It appears that the World Bank is planning to maintain and disseminate systematic information on a version of what Kaushik Basu (now a Vice-President of the World Bank) had some years ago advanced as the ‘quintile income statistic’. The quintile income—which we shall find convenient to refer to simply as Q—is just the average income of the poorest quintile (that is to say, poorest 20 per cent) of a population. The quintile income statistic is a very simple, but also very versatile, welfare indicator—one which can be employed to cast light, admittedly in a somewhat elementary way, on aspects of both income poverty and the ‘inclusiveness’ of growth. The World Bank aims to track, subject to the availability of data, country-specific performance with respect to the average income of the poorest 40 per cent of the population (rather than 20 per cent, as Basu had proposed in his original version of the statistic).
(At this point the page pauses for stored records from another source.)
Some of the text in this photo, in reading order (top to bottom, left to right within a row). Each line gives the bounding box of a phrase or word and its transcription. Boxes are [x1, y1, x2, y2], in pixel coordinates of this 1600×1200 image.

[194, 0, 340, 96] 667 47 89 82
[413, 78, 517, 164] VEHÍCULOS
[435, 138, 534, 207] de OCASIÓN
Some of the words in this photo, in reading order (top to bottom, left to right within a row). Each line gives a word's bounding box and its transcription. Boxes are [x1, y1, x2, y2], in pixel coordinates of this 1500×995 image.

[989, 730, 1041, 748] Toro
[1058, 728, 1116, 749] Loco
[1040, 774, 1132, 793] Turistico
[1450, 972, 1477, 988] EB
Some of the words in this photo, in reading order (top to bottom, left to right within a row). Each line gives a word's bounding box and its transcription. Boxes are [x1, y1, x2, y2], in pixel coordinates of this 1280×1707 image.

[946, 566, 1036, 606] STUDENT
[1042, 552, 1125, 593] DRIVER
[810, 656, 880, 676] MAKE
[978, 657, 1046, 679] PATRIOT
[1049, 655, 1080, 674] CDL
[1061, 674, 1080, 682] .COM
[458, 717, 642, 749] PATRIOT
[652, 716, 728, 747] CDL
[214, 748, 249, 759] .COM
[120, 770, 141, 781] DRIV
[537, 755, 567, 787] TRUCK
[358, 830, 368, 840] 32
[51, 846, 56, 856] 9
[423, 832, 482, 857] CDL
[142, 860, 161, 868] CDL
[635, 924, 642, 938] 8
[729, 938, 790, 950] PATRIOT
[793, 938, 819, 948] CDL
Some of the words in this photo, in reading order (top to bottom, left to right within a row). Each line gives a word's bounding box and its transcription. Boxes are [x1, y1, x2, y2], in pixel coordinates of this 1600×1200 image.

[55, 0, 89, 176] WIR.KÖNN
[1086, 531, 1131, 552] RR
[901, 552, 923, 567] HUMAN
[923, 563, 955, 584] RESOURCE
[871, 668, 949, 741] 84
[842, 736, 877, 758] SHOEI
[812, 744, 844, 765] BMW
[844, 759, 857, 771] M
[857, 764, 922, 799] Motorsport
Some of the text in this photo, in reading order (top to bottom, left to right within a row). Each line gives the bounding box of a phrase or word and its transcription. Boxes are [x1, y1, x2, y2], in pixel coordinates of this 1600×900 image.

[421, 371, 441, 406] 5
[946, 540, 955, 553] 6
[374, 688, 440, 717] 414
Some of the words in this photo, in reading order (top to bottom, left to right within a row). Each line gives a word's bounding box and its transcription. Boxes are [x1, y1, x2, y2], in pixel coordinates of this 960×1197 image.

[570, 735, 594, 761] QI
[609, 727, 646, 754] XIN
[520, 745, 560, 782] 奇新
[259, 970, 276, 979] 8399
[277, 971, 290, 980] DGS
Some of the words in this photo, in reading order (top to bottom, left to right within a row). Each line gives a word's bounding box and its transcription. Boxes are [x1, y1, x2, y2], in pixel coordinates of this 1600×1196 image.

Notice that the quintile income, as well as the Bank’s proposed measure, are specific instances of a more general formula that pertains to the average income of the poorest x per cent of a population. As x goes toward 100, we move closer and closer toward that old work-horse summary indicator of welfare, the income per capita of a population. To ensure that some sensible distinction from per capita gross national product (GNP) is maintained, there is a case for pitching x ‘low’ rather than ‘high’. As such, one wishes the World Bank had stuck to Basu’s original recommendation of concentrating on the bottom 20 percent, instead of focusing on the bottom 40 percent. Having said this, it is nevertheless welcome that the Bank proposes to implement a version of the quintile income index, and, for specificity, it is this measure Q that I shall refer to in the rest of this article. In what follows, I shall attempt to describe as simply as I can how the Q statistic can be employed to reveal something about an economy’s poverty and dynamic inequality.

1.1    The poverty line

As is well known, extant protocols of money-metric poverty measurement follow what one may call the route of ‘identification-cum-aggregation’. The identification exercise is concerned with specifying an income ‘poverty line’ designed to distinguish the poor segment of a population from its non-poor segment. The aggregation exercise is concerned with combining information on the distribution of income and the poverty line in order to come up with a single real number which is supposed to signify the extent of poverty in the society under review. A particularly simple aggregate measure of poverty, and one which is very widely employed, is the so-called headcount ratio, or proportion of the population in poverty (that is to say, the proportion of the population with incomes or consumption expenditure levels below the poverty line).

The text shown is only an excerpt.